To say that Chrom was a little surprised at the question was an understatement – he turned towards his tactician, puzzled, "Riley?"

"Answer the question, please," Riley replied. The very serious look on his face was a sharp contrast to the absurdity of the question, "cake or death?"

"Cake?" was Chrom's reply, a look of concern crossed his face: had his trusted tactician finally lost it with all this stress?

"Very well," said Riley, and he turned towards his nearby daughter, "You heard the king..." The energetic Morgan quickly dashed up to Chrom and handed him a slice of cake. Chrom took it apprehensively, and looked around, wondering if the rest of the camp was hiding in the shadows, laughing at him.
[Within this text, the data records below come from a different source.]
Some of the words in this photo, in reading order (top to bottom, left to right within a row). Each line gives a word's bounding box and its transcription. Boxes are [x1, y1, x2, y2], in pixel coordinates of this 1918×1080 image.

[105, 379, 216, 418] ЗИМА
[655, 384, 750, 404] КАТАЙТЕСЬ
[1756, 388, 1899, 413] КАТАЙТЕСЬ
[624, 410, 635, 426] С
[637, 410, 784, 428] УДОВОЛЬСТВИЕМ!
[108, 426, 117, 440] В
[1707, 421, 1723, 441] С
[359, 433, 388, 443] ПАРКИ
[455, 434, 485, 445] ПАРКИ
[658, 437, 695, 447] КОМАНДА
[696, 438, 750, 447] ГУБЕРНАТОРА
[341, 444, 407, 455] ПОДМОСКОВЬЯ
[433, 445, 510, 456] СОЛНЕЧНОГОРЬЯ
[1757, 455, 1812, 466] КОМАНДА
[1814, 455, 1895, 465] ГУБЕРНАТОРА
"…Thanks?" Chrom nervously said, staring at the cake, half expecting it to attack, half expecting it to be laced with something. You could never tell with Riley some days. Chrom knew Riley would never betray him, but he also knew that he wasn't above lacing the treat with a sleeping draught, or a potent spice. Riley loved pranks more than his sister; and Lissa was a pranking champion. The two of them together were a nightmare at times, a statement nobody dared to refute since their wedding. To this day Vaike still refused to ever go near a glass cup.

Sensing Chrom's (admittedly fair) hesitation, Riley set to reassure him, "Cordelia made it, and she knew you'd be eating it."
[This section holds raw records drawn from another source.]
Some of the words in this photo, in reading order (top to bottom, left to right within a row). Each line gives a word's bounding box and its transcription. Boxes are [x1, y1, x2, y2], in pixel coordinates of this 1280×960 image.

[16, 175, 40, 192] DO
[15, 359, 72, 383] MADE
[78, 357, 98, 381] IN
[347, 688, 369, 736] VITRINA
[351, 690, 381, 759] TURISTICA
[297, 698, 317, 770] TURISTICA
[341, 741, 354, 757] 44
Hearing that, Chrom quickly ate the morsel, knowing it was safe. He then looked back at Riley, concern still in his eyes, "So, you mind telling me what that was all about?" he asked, not sure if he wanted to know the answer.

"It's my awesome plan to find Grimleal spies!" was Riley's excited reply

Yep. He'd lost it. "…Excuse me?"

"Well, think about it: any reasonable human would instantly respond to that question with 'cake', right?"

"Yes…?" Chrom wasn't sure where this was going, but he knew that, despite not wanting to ever know, he had to find out.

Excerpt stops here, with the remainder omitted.